I spend a lot of time drawing. For me, it’s the quickest way to express an idea. Some drawings are made up of a few lines. In general, I see them a bit as the genesis of something in the making. Among my drawings, there are some that serve as a basis for inspiration for paintings, others that exist just by themselves.


“I’m trying to change the perception of time passing.”

What is the importance of the arrangement of the canvases for your exhibitions?
After looking at the paintings in the busy environment of the studio for months, placing them on a clean wall gives them another dimension. Each has a different presence in space, some exist muted while others seem to make more noise. Some are like blocks, others have a more diffuse brightness. I like the idea that these different vibrations create an enveloping space in the exhibition space.
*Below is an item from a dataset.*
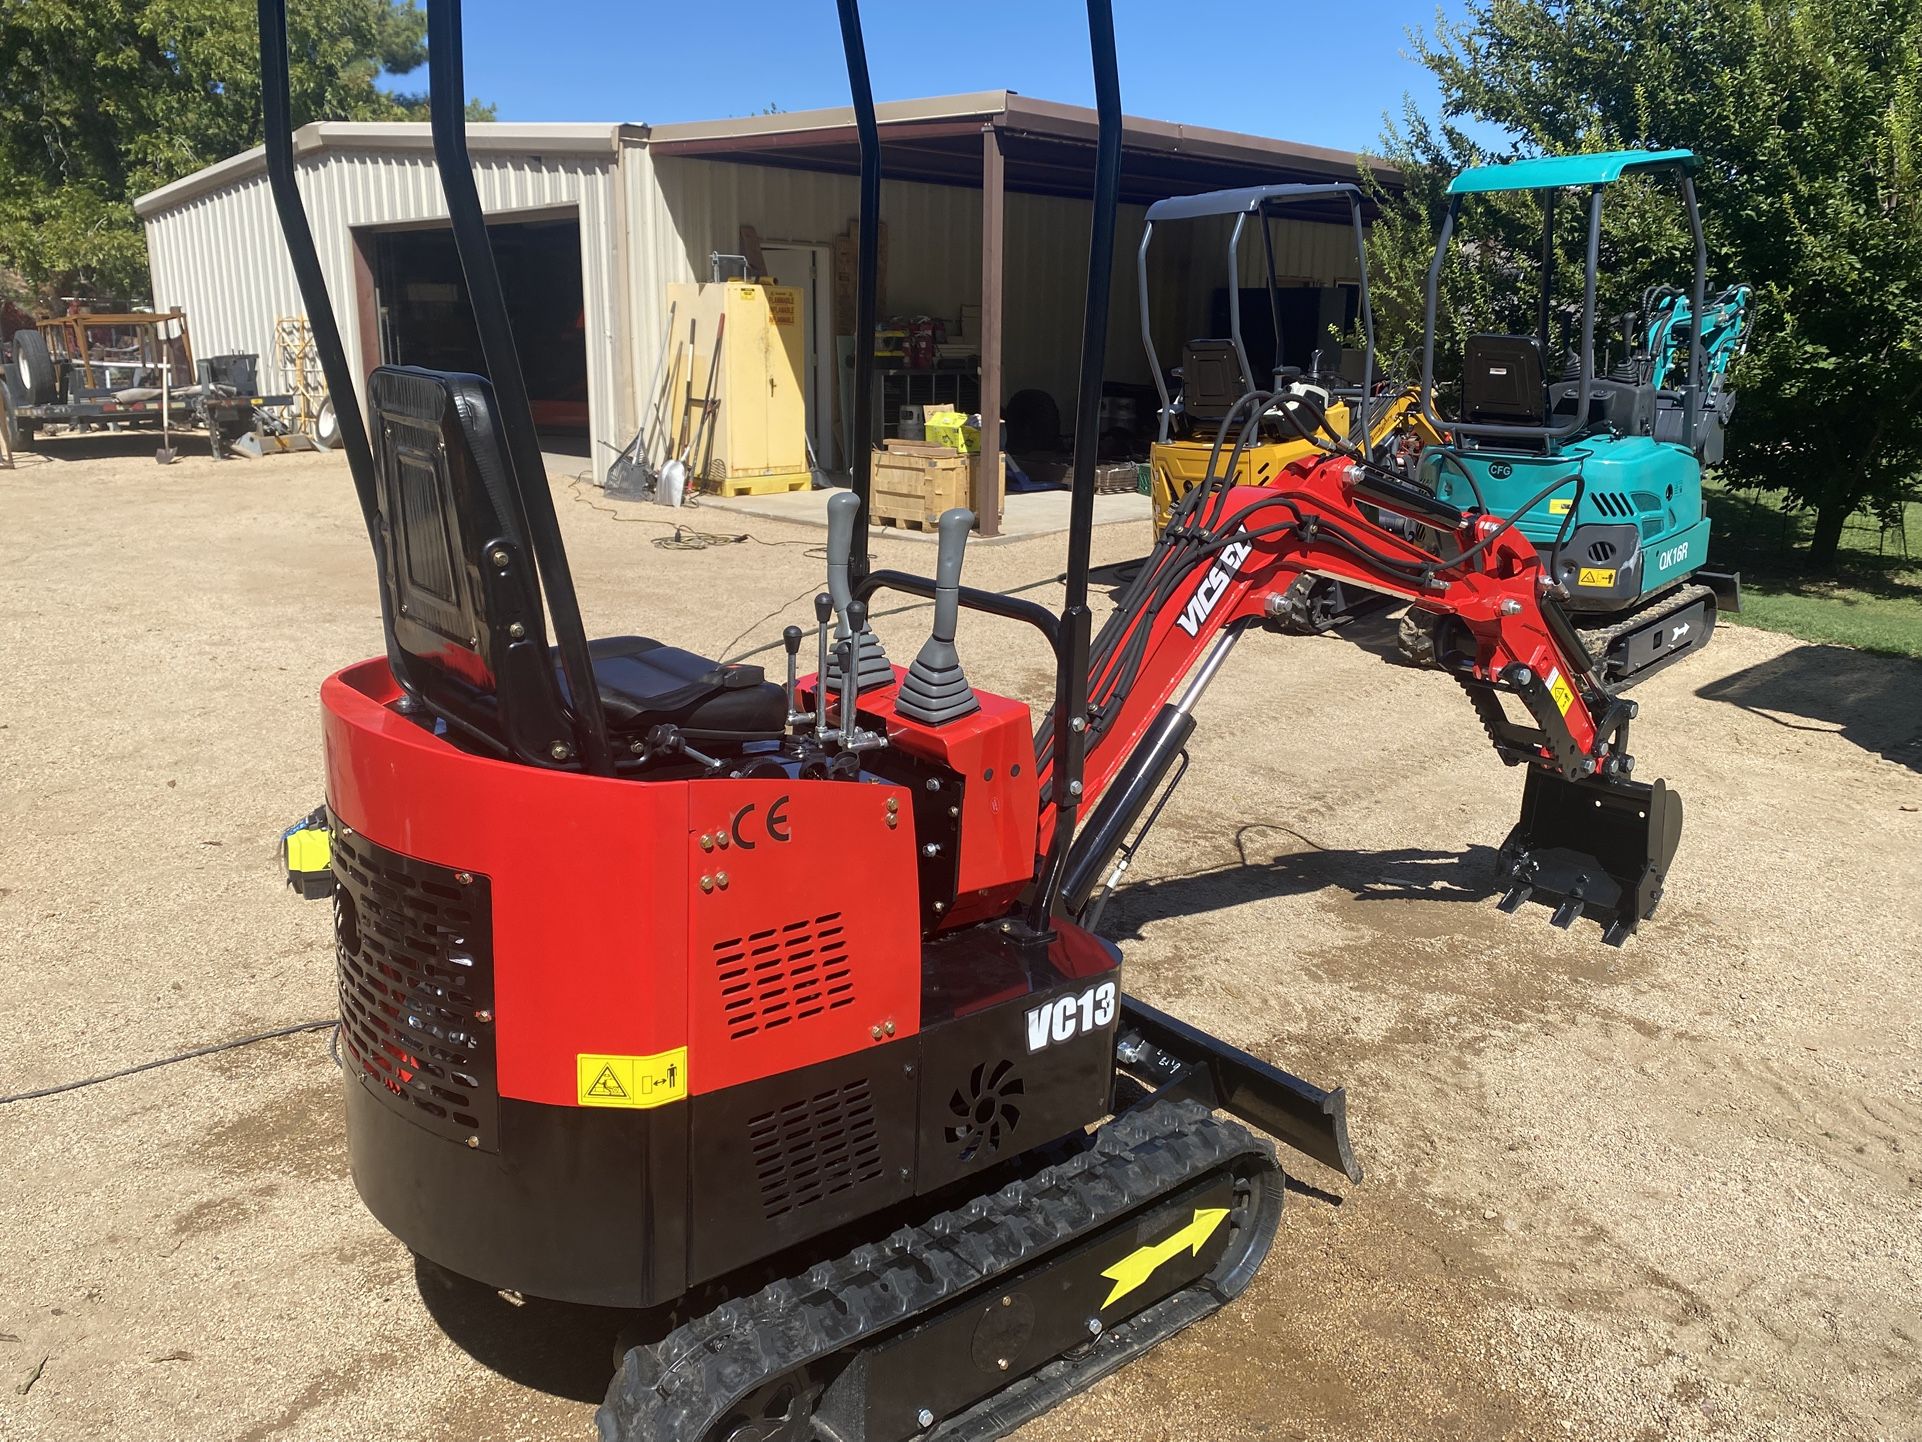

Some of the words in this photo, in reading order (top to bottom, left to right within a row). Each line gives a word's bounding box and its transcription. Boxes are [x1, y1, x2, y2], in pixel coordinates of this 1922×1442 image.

What are the particular and recurring themes that you want to highlight in your practice?
I seek to change the perception of time passing. There is something immutable about the painting. Every time we look at him, he is always in the same present. Today, in our world, having time seems a luxury. Colour, in its elusive form, offers a moment out of time, linear – even if it is only sixty seconds. It influences our moods and activates our bodies in a variety of ways. It’s these kinds of experiences that I’d like to make accessible during an exhibition. I make a difference between calculated, linear time and more emotional time that cannot be counted but felt. This research is a line that my work has been following for a while.
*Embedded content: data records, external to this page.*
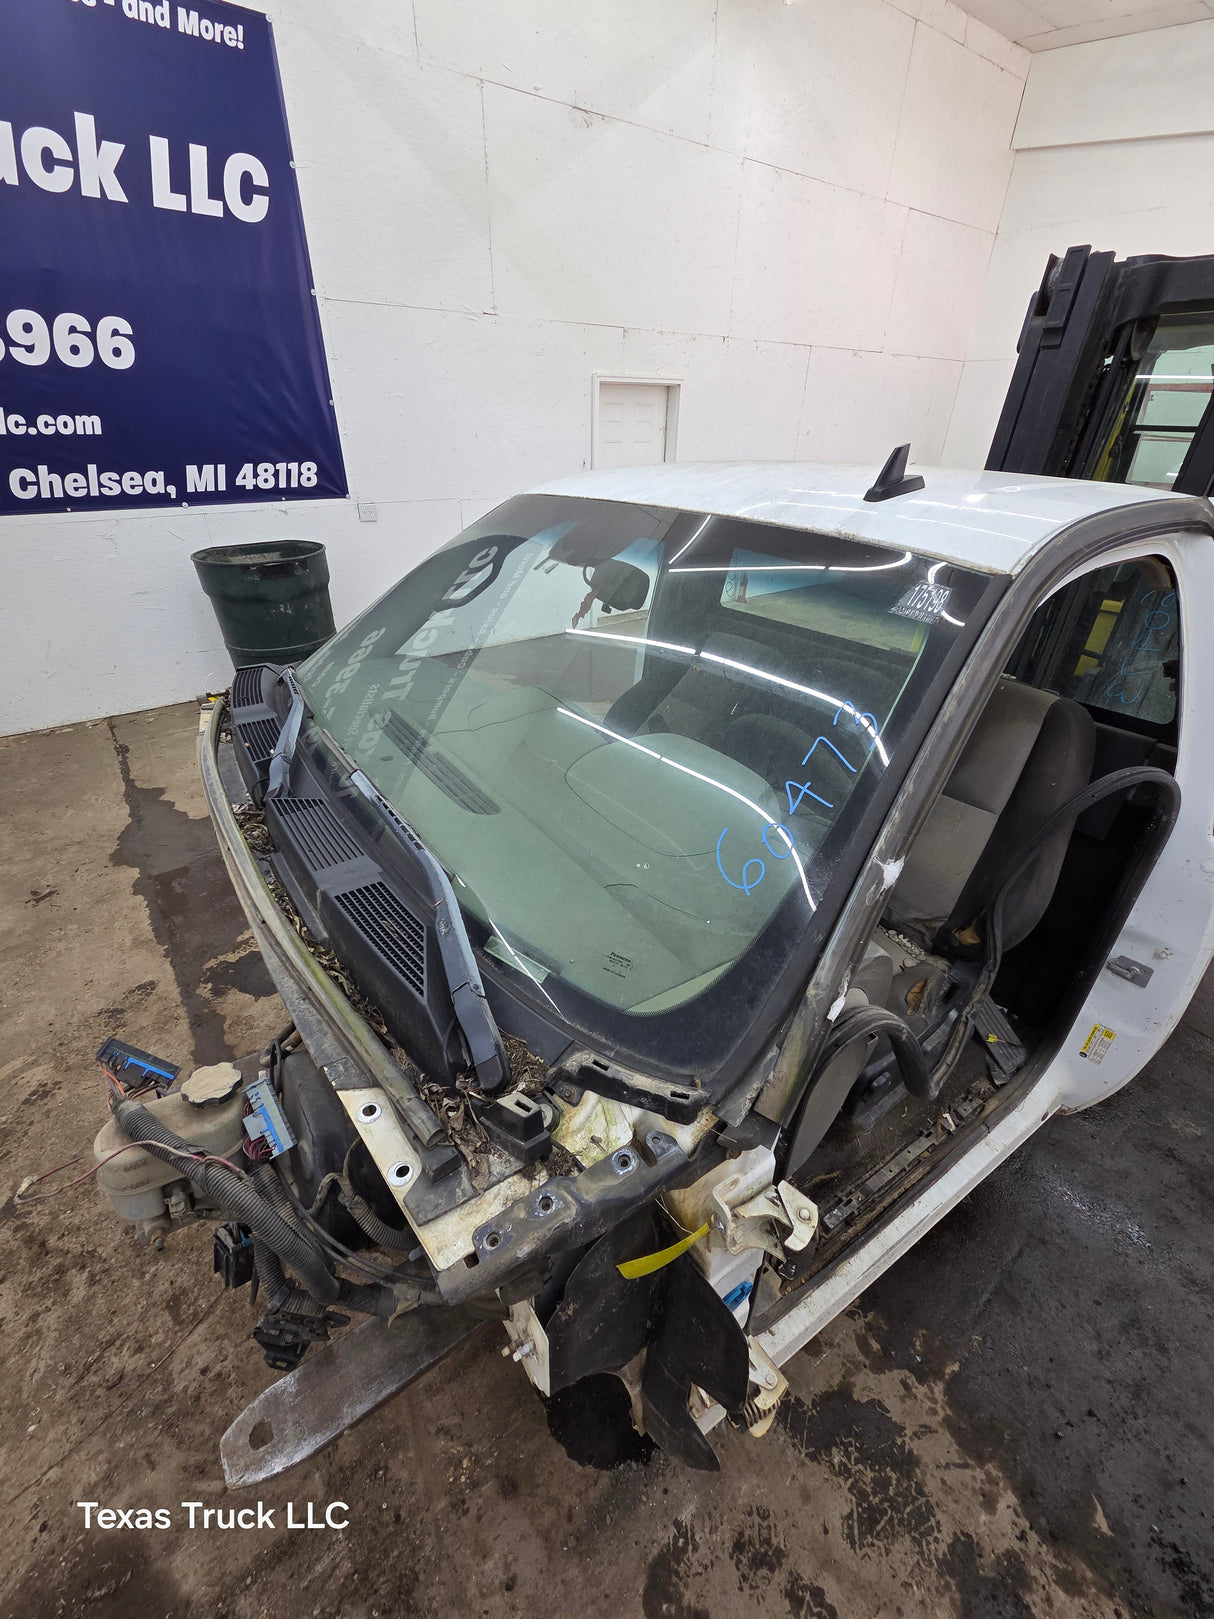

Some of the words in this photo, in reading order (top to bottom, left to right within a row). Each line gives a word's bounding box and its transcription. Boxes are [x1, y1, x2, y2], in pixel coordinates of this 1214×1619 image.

[122, 0, 171, 29] and
[177, 6, 245, 50] More!
[149, 134, 270, 223] LLC
[0, 308, 136, 370] 966
[8, 464, 176, 500] Chelsea,
[185, 464, 226, 492] MI
[235, 461, 318, 490] 48118
Julie Beaufils. Photo: Aurélien Mole. Courtesy of the artist and Galerie Balice Hertling, Paris.

Which artists influence you today or have influenced you in the past?
What influences me the most today are the conversations I have regularly with my friends. I observe how they remain productive during this confinement and the ways we find to continue to see each other. I am inspired by our conversations about what we have been missing since the beginning of the restrictions, because it shows what is vital for us: staying moving, dancing or leaving the house without a specific purpose have proven to be essential activities. They always have been. We just weren’t so aware of it before. It brings me back to the body and pushes me to anchor my practice in materiality. This is what I do in the studio through processes, preparing the colors based on pigments and working on larger formats that force me to have wider gestures and to move more in space.

Do you feel close to a group of artists, to a specific scene?
I don’t think I belong to a specific scene. On the contrary, I like to navigate in different networks.